Please print the listing that follows word for word, but skip any pictures it holds.
++++
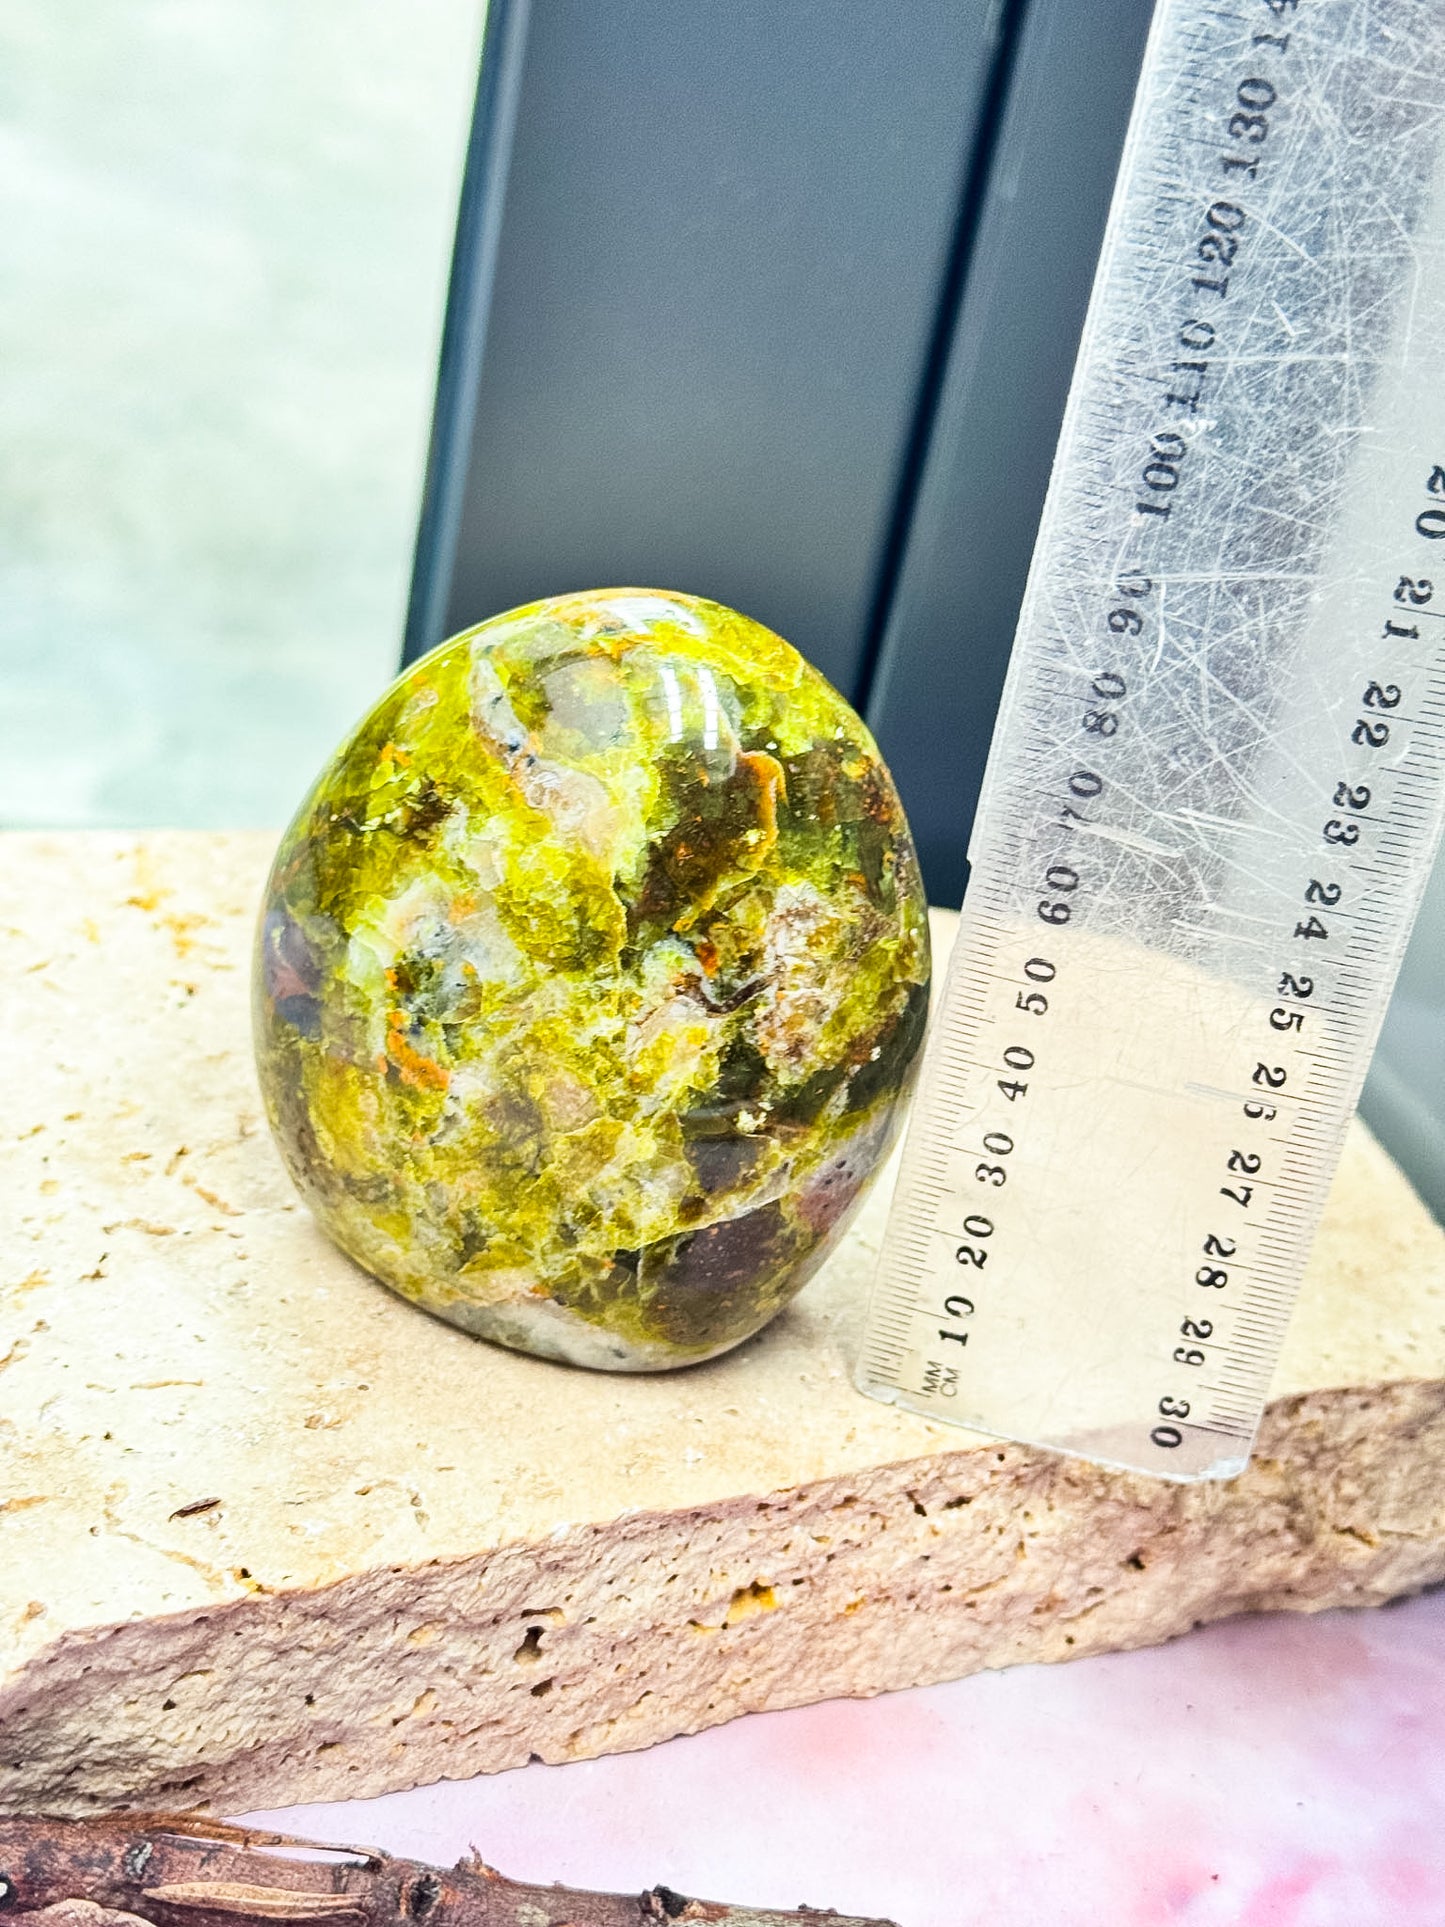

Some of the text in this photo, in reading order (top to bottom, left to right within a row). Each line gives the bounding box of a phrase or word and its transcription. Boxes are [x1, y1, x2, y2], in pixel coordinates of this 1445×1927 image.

[1222, 77, 1278, 180] 130
[1191, 201, 1247, 300] 120
[1165, 319, 1217, 414] 110
[1136, 432, 1188, 523] 100
[1108, 568, 1153, 638] 90
[1381, 575, 1435, 641] 21
[1081, 671, 1127, 739] 80
[1351, 680, 1402, 749] 22
[1322, 780, 1372, 847] 23
[1036, 865, 1081, 926] 60
[1293, 878, 1342, 941] 24
[1015, 957, 1057, 1017] 50
[1268, 971, 1315, 1034] 25
[996, 1045, 1036, 1103] 40
[1242, 1062, 1288, 1122] 26
[974, 1131, 1015, 1188] 30
[1219, 1149, 1263, 1209] 27
[955, 1214, 995, 1271] 20
[1195, 1233, 1237, 1291] 28
[938, 1294, 976, 1348] 10
[1172, 1315, 1214, 1368] 29
[921, 1360, 943, 1393] MM
[939, 1367, 962, 1397] CM
[1149, 1396, 1191, 1449] 30
++++
• **Solution**:
Some of the text in this photo, in reading order (top to bottom, left to right within a row). Each line gives the bounding box of a phrase or word and its transcription. Boxes are [x1, y1, x2, y2], in pixel coordinates of this 1445×1927 image.

[1222, 77, 1278, 180] 130
[1191, 201, 1247, 300] 120
[1165, 319, 1217, 414] 110
[1136, 432, 1188, 523] 100
[1108, 568, 1153, 638] 90
[1381, 575, 1435, 641] 21
[1081, 671, 1127, 739] 80
[1351, 680, 1402, 749] 22
[1322, 780, 1372, 847] 23
[1036, 865, 1081, 926] 60
[1293, 878, 1342, 941] 24
[1015, 957, 1057, 1017] 50
[1268, 971, 1315, 1034] 25
[996, 1045, 1036, 1103] 40
[1242, 1062, 1288, 1122] 26
[974, 1131, 1015, 1188] 30
[1219, 1149, 1263, 1209] 27
[955, 1214, 995, 1271] 20
[1195, 1233, 1237, 1291] 28
[938, 1294, 976, 1348] 10
[1172, 1315, 1214, 1368] 29
[921, 1360, 943, 1393] MM
[939, 1367, 962, 1397] CM
[1149, 1396, 1191, 1449] 30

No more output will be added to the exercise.